Objective: Neurally adjusted ventilatory assist (NAVA) is a new ventilator modality with an innovative synchronization technique. Our aim is to verify if NAVA is feasible and safe in terms of physiological and clinical variables in infants recovering from severe acute respiratory distress syndrome (ARDS).
Design: This is a pilot nested study to help future trial design.
Setting: The study was performed in third-level academic pediatric intensive care units.
Patients: Infants affected by severe ARDS requiring high-frequency ventilation and weaned with NAVA during 2010 were included. Controls (2:1 ratio) were ARDS infants weaned with pressure support ventilation (PSV) during 2008-2009 matched for age, gas exchange impairment, and weight.
Main outcome measures: The main outcome measures were the physiological and ventilator parameters and the duration of ventilator support in PSV or NAVA.

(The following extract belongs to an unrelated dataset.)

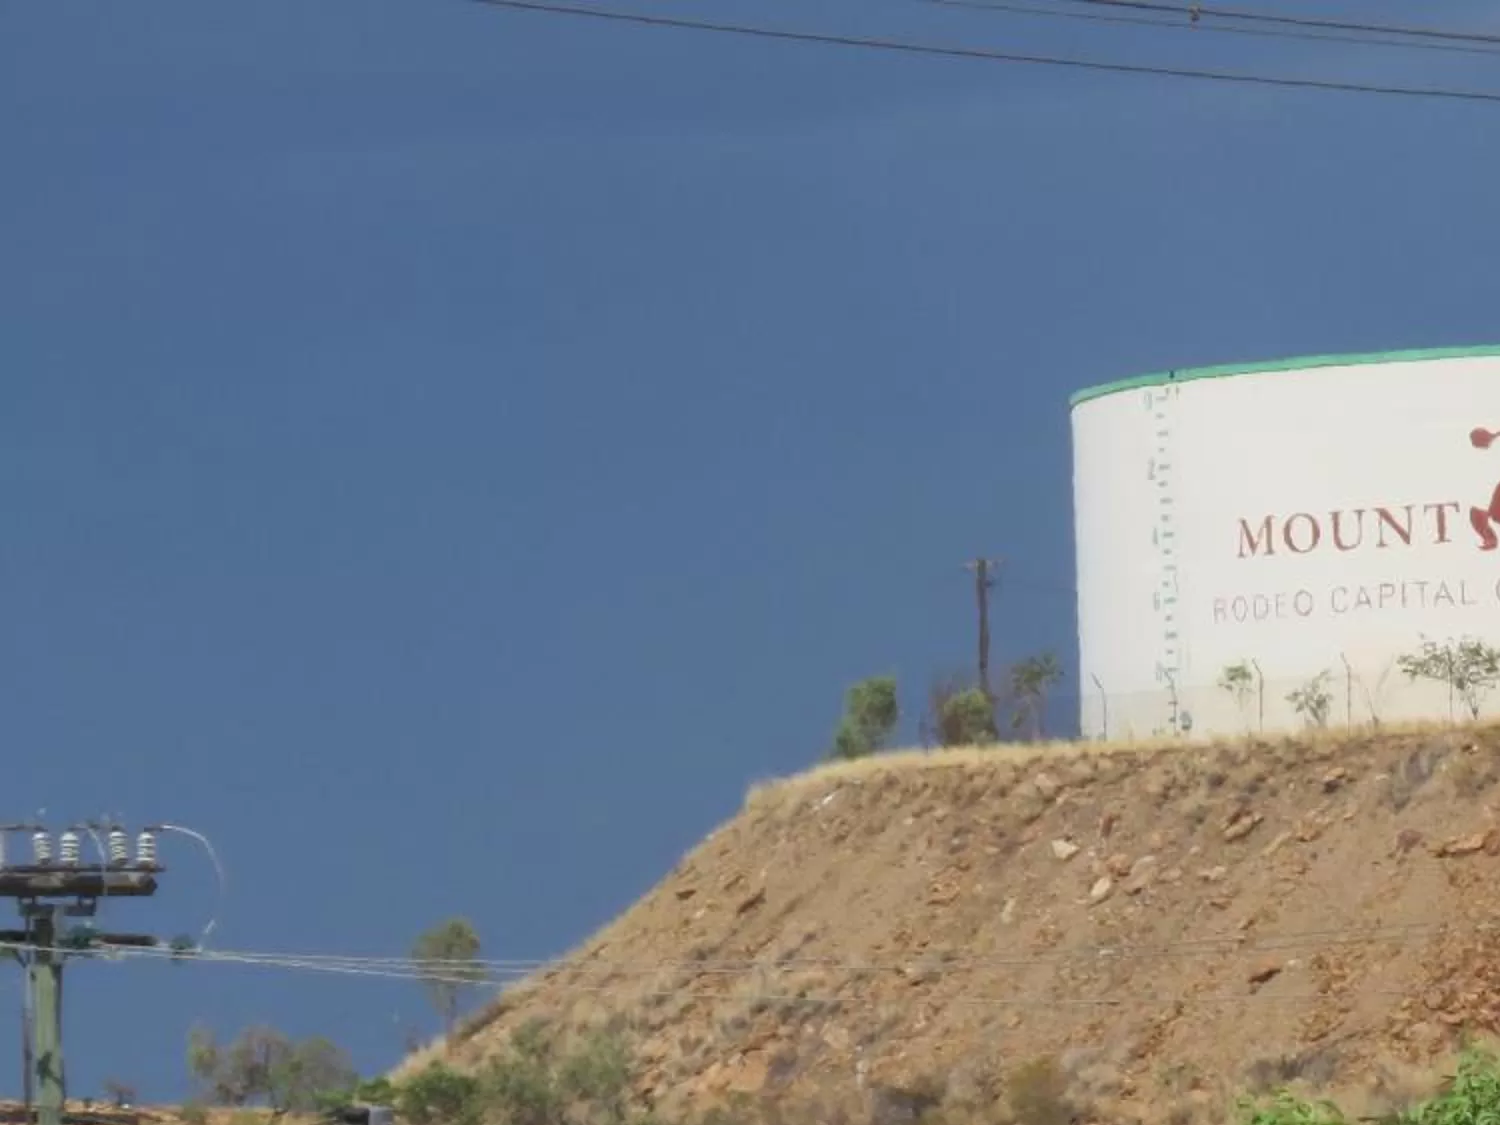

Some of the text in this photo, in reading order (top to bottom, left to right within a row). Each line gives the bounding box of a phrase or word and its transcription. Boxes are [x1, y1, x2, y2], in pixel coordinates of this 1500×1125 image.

[1237, 501, 1461, 558] MOUNT
[1212, 588, 1314, 624] RODEO
[1330, 578, 1478, 614] CAPITAL

Results: Ten infants treated with NAVA and 20 with PSV were studied. Heart rate (P < .001) and mean arterial pressure (P < .001) increased less during NAVA than during PSV. Similarly, Pao2/Fio2 ratio decreased less in NAVA than in PSV (P < .001). Neurally adjusted ventilatory assist also resulted in lower Paco2 (P < .001) and peak pressure (P = .001), as well as higher minute ventilation (P = .013). COMFORT score (P = .004) and duration of support were lower in NAVA than in PSV (P = .011).
Conclusions: Neurally adjusted ventilatory assist is safe and suitable in infants recovering from severe ARDS. It could provide better results than PSV and is worth to be investigated in a multicenter randomized trial.
Keywords: ARDS; Infants; Mechanical ventilation; NAVA; Pressure support; Weaning.